Close’s first Oscar nomination came from her film debut -- you know how we’re all freaking over Yalitza Aparicio right now? Same thing. She was passed over for the award for “The World According to Garp” in 1982, but that was just the beginning. Since then, she racked up Best Supporting Actress noms three years in a row and had her name in for Best Actress in both ‘87 and ‘89. This year, though, feels different.
Not only is Close basically owed an Oscar at this point -- though I tend to lean toward the opinion that you shouldn’t get an award if someone was better than you just because -- but she’s considered a frontrunner this go around. While the other nominees gave outstanding performances, Close is getting the star treatment this month; it feels like everyone is rooting for her. She’s already clinched Best Actress in a Drama at the Golden Globes and SAG Awards and split the Best Actress win with Lady Gaga (for “A Star Is Born”) at the Critics’ Choice. Olivia Colman is stirring up some competition with her BAFTA win for “The Favourite,” but Close is still...the favorite.

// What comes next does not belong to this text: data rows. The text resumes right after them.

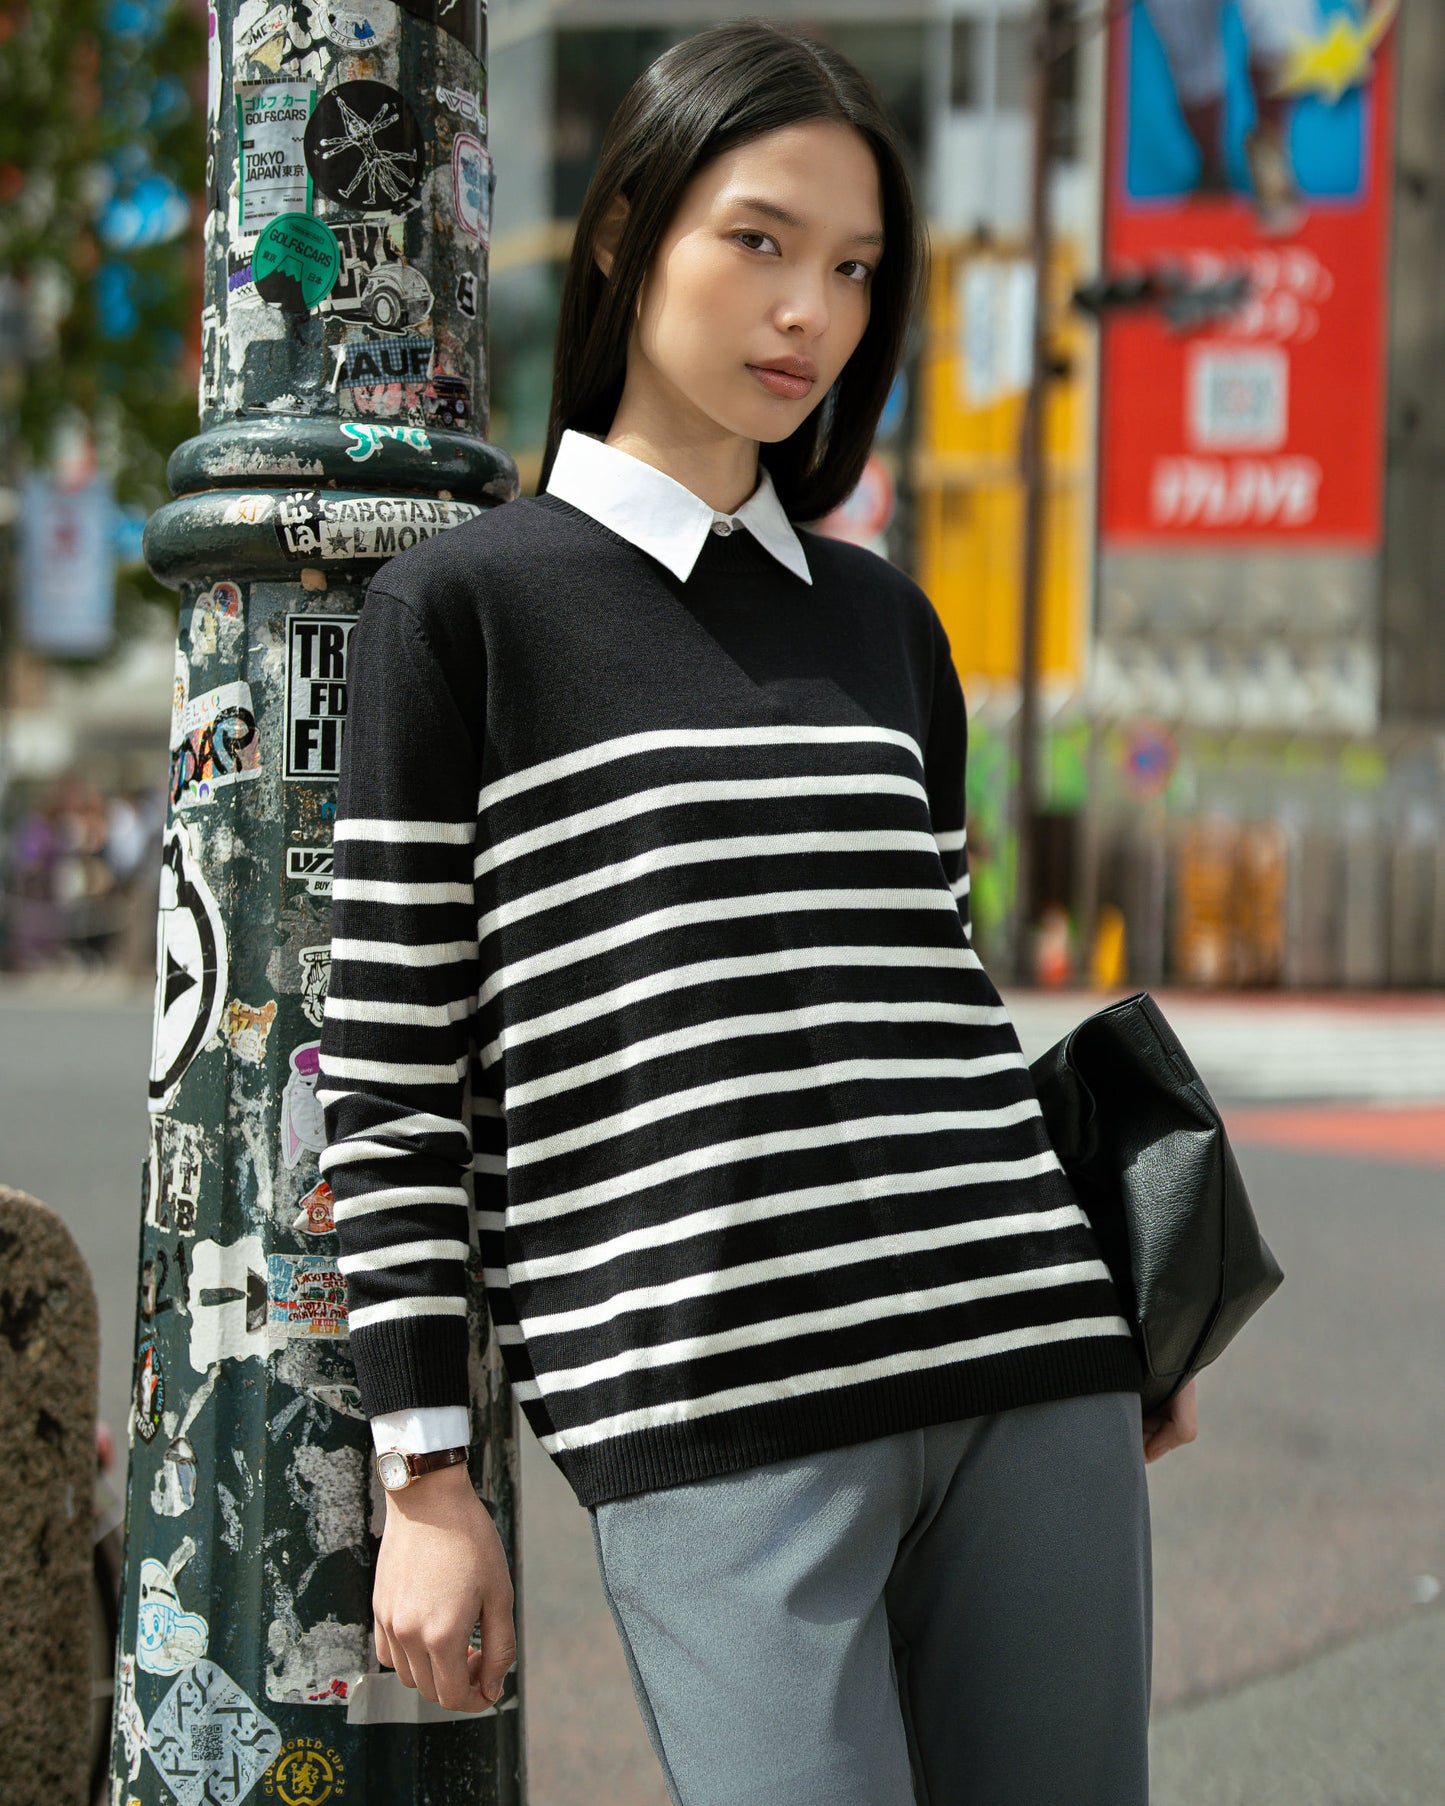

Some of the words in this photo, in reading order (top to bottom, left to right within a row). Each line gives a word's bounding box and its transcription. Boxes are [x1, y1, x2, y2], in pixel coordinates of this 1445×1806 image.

[245, 109, 307, 125] GOLF&CARS
[245, 150, 285, 168] TOKYO
[245, 165, 281, 182] JAPAN
[282, 165, 304, 177] 東京
[269, 228, 333, 267] GOLF&CARS
[323, 500, 451, 524] SABOTAJE
[374, 526, 450, 552] MON
[295, 624, 357, 678] TR
[295, 719, 345, 770] FI
[314, 881, 330, 890] BUY
[326, 1748, 344, 1772] CUP

In fact, it’s her Golden Globes acceptance speech that got everyone going. Close spoke about how her character in “The Wife” -- a matriarch who simmers with badly dealt-with jealousy when her husband wins a Nobel Prize in literature -- made her think of her family. She saw the same characteristics and disappointment that her mother and grandmother dealt with before her -- she even wears her grandmother’s ring, who wanted to be an actress but couldn’t during her time.
“I’m floored by how wide my Golden Globe acceptance speech went, because for me it was truly a spontaneous moment, and I’ll never be able to recapture that. So, I think, probably that’s one of the reasons why people were moved by it; it really came spontaneously from my heart, thinking about my mom,” she told Deadline. “I’ve been amazed. People have come up to me in airports and on the street and thanked me for that speech.”
Although Close’s 45-year career has drawn Golden Globes, Emmys and Tonys (so...does she sing?), the actress was quick to point out to Vanity Fair that she doesn’t go into anything with very high expectations of recognition.
“I keep myself to zero expectations just for my own mental health,” she said. “When I’ve done a job and played a character that I’ve felt was to the very best of my ability, and I got deep into the character and lost in that character, that is the most important thing. When that character has resonance and connection with people...that, for me, is the award.”
A resonating character that Close hopes to play again? Alex Forrest, of “Fatal Attraction.” This time, though, Close wants to see the film from Alex’s point of view to paint a larger picture of the character and how she got there. Close talked to numbers of psychologists and doctors to give Alex an appropriate representation and take it further than being “the crazy lady.”
“It’s so easy to make people who probably have one mental disorder diagnosis the antagonist, to make them the bad people. And it just feeds into the stigma,” she said in talks with Deadline. “I think they’ve had some things in the works, but I do think it would be interesting to take the exact story, basically, and do it from her point of view. I think she’d become a tragic figure, rather than perceived as an evil figure.”
Will Close clinch the award this year? If not, maybe she’ll do Cruella de Vil again -- that’ll do it for sure.